Chemotherapy with PCV (procarbazine, CCNU, and vincristine) has also been advocated, particularly in mixed and anaplastic variants. Oligodendrogliomas have been the focus of considerable interest over the past decade, ever since they were recognized as chemosensitive tumors. A recent report suggests that alterations of chromosome arms 1p and 19q are associated with chemotherapeutic response and overall survival in anaplastic oligodendroglioma patients treated with procarbazine, lomustine, and vincristine chemotherapy.

 

While postoperative survival is generally longer with oligodendrolioma, its prognosis is ‘notoriously uncertain’. The morbidity and mortality profile for oligodendrogliomas is much better than for astrocytic tumors. However, it also depends on tumor location and pressure effects, as with any other intracranial lesion.

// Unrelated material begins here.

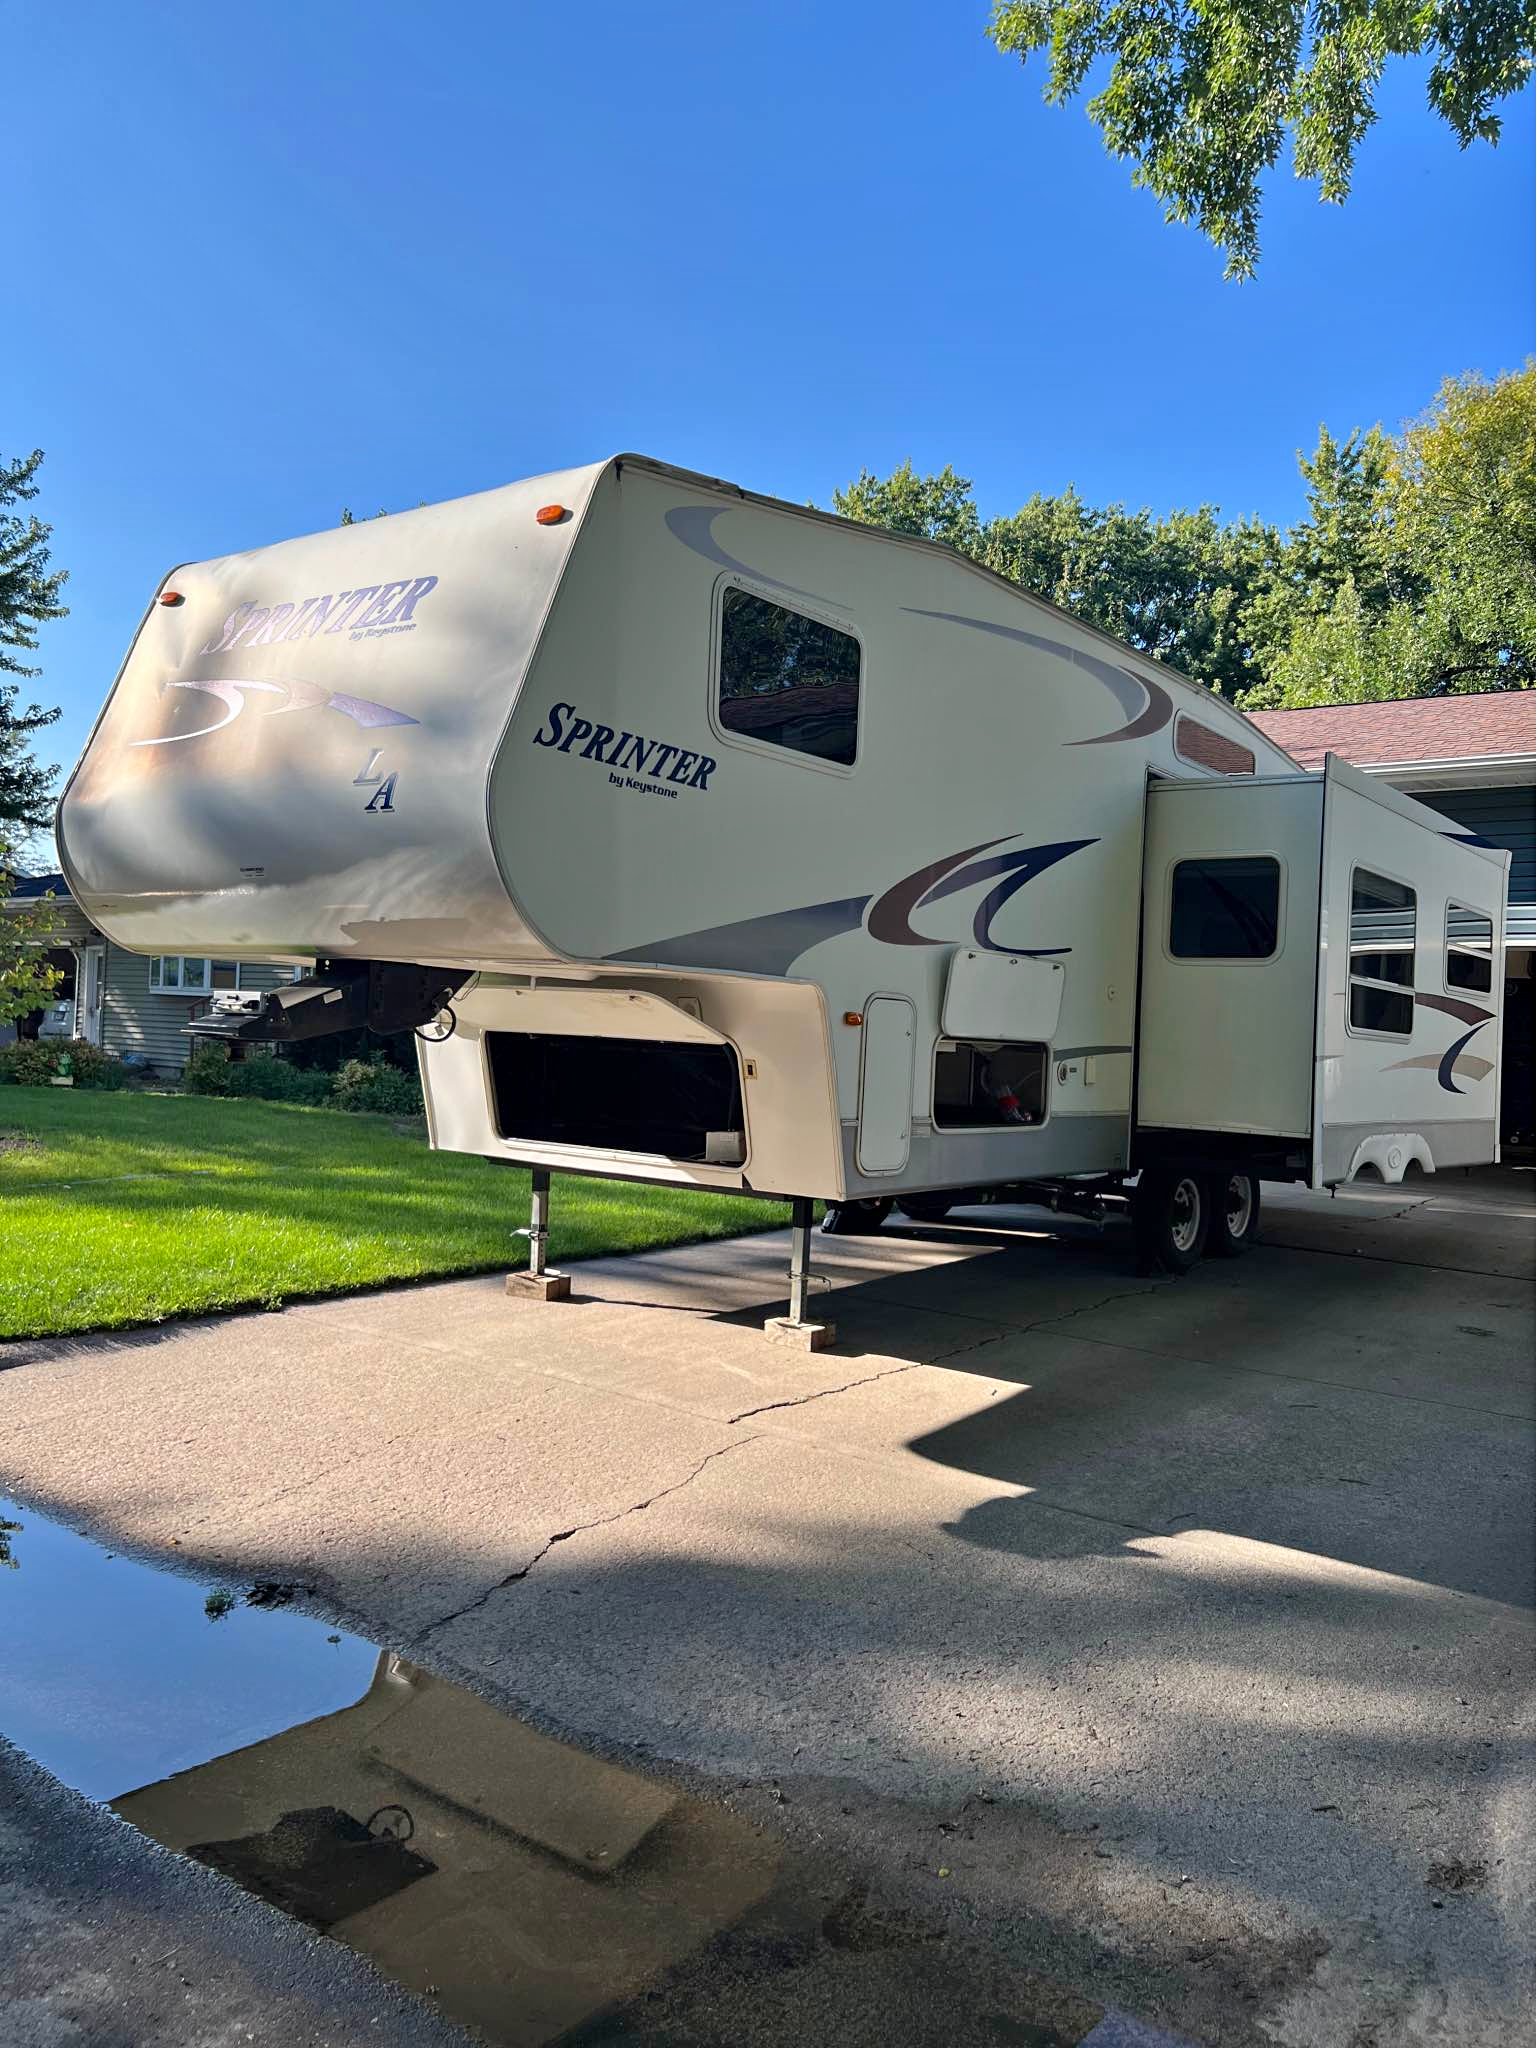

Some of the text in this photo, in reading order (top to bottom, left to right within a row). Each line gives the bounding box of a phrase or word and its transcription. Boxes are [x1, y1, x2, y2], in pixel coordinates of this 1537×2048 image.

5 year survival rates for patients with oligodendrogliomas are commonly in the range of 50% to 65%. Early diagnosis, complete excision, and low grade histology predict a better prognosis.

 

 Glial tumors of unknown origin:

 

They include Gliomatosis Cerebri, Astroblastomas, and Choroid gliomas.

 

1) Gliomatosis Cerebri (diffuse cerebral gliomatosis):

 

The term "gliomatosis cerebri" is used to describe a diffusely proliferative glial neoplasm involving large regions of the brain, characterized by an infiltrative nature rather than by the formation of a distinct tumor mass.

They are rare. Although found anywhere throughout, the CNS, multilobar hemispheric involvement is most common.

Usually, the involvement is diffuse.

 

Symptoms at presentation are frequently those of seizure or headache. Most patients present between third and fourth decades.

The duration of symptoms may be several months to many years.

CT may reveal subtle hypo to isodense changes with diffuse mass effects. MRI may be more illustrative.

Occasionally, there may be minimal contrast hetereogenous enhancement.

Multiple sclerosis, encephalitis, and leukodystrophies must be ruled out. CSF cytology is unremarkable.

Positron emission tomography (PET) scans using 11C-L- methionine show isotope accumulation in the diffusely infiltrative tumorous area with greater accuracy than CT or MRI.

Many are diagnosed at autopsy.

 

Grossly, there is diffuse enlargement. The gyri may be slightly enlarged with normal architecture.

Biopsy is required for diagnosis.

Histologically, a diffuse infiltration of astrocytic cells bearing a spindle like pattern  is seen;

the infiltration occurs along the white matter tracts.

Radiation is often of limited benefit. Steroids help in palliation. Surgery, obviously, is not possible, except for hydrocephalus,if any. 

The prognosis is dismal.

 

2) Astroblastomas:

 

They are rare tumors believed to arise from astroblasts, the precursors of adult astroglia.

 

They are not well encapsulted, soft to firm in consistency.

Histologically, there are prominent elongated neoplastic cells with footplates forming pseudorosettes around blood vessels. Limited mitosis may be present. Necrosis is seen in up to 70% of the tumors; but does not appear to have prognostic significance.

GFAP positivity may be present occasionally.

 

Surgical resection is the primary treatment.  Role of radiotherapy and chemotherapy is not clear.

The prognosis is hard to predict; it appears to be intermediate between that of astrocytoma and glioblastoma.

 

3) Choroid gliomas:

 

They are rare, have been reported in anterior third ventricle only.

Radiologically, they mimic  meningioma, and pit .adenomas.

They are slow growing and present with hydrocephalus.

Histologically they have glial features with ependymal differentiation, and there is GPAF positivity. The cell of origin is not known.

The treatment is surgery. The role of radiotherapy is not clear. The outcome is generally favorable.